論文の書き方では、表舞台に堂々と登場する主役はあくまでホルモン療法。子宮摘出は、いかにも副作用軽減のための必要悪であったかのような顔をして、なるべく目立たないように、わずかに登場する端役となっています。いわば、このような配役を成功させるための舞台設定として、ホルモン療法だけを意味しているようにも、子宮摘出までを含んでいるようにも(勝手に読者が含むと読んだ場合には、それがあたかも副作用軽減のためだったとの誤解も伴うように?)、どちらにも読めるべく、「成長抑制」は曖昧である必要があったのでは? だからこそ、「成長抑制」を定義することも、「アシュリーに行われたこと」を整理・総括して提示することも、できなかったのでは?

いずれにせよ、医師らの論文を通し読みして「ところで、成長抑制とは?」とか、「結局は何が行われたの?」という点を振り返ってみると、なんだか曖昧模糊としているのです。論文なら、もっと論理的にビシッ、ビシッと明快に書いてほしい。そんな苛立ちを覚えるほど、ぬらりくらりとしています。

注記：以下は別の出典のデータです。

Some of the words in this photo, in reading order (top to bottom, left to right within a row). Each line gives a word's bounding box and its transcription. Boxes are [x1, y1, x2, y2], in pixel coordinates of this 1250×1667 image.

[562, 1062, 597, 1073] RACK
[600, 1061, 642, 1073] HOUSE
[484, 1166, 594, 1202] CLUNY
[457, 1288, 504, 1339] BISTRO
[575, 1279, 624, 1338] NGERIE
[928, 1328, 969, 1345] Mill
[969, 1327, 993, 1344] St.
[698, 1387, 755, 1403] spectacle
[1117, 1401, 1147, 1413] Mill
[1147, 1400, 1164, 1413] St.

それに対して、「大量エストロゲン投与療法による最終身長の抑制」と、極めて明快な定義をビシッと示しているのは、両親のブログです。前回のエントリーで引用したように、両親はアシュリーのQOLを向上させるための3つのゴールの1つを「大量エストロゲン投与療法により最終身長を制限すること」と明快に書いています。

さらに、医師らがホルモン療法を主役に、子宮摘出を目立たない端役に設定し、乳房芽については登場させることすらしなかったのに対して、両親は3者を対等に並べています。

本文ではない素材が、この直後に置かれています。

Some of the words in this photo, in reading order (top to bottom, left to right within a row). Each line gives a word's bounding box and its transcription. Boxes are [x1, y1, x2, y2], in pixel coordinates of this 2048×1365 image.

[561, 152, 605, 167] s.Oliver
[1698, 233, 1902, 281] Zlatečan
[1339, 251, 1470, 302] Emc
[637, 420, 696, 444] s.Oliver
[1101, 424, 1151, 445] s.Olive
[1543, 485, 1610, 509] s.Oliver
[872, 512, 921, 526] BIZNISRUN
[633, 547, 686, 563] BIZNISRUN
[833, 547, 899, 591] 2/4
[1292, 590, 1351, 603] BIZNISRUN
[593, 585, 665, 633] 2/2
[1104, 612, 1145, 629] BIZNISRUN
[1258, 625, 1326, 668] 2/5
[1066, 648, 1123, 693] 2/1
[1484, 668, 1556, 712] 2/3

行われた3つの医療処置それぞれの、論文と両親のブログでの関係をここで図示してみると、以下のようになります。

論文
  

両親のブログ
   ○   ○   ○

最初のマルが「ホルモン療法」、次が「子宮摘出」です。読む人によっては、論文の小さなマルは大きなマルの中にあるようにも読めるかもしれません。3つ目のマルは論文にはありません。乳房芽については一切書かれていないからです。それに対して、両親の認識では3つは対等に並んでいます。

そして、次の1文は大いに注目すべき発言だと私は考えているのですが、ブログの中で自分たちがこれら一連の医療介入を“アシュリー療法”と呼ぶ理由を述べた際に、両親は次のように付け加えています。

成長抑制はアシュリー療法の一側面に過ぎません

こんなことを、わざわざ断る意図は何なのでしょうか?
 
ブログが立ち上げられる2ヶ月前に、医師らのあの論文が既に発表されていることを思い出してください。これは、医師らが成長抑制だけを主役に論文を書いたことを意識したうえでの発言ではないでしょうか。つまり、上記に○で図示したような論文の位置づけを、両親は認めていないということにならないでしょうか。上の図ではない、下の図の3つの関係が正しいのだと、両親はここで明示しているのではないでしょうか。

医師らが論文に書いたことを、両親はブログで否定していることになります。「医師らと両親の言うことは同じ」だとの予見はやはり危険なようです。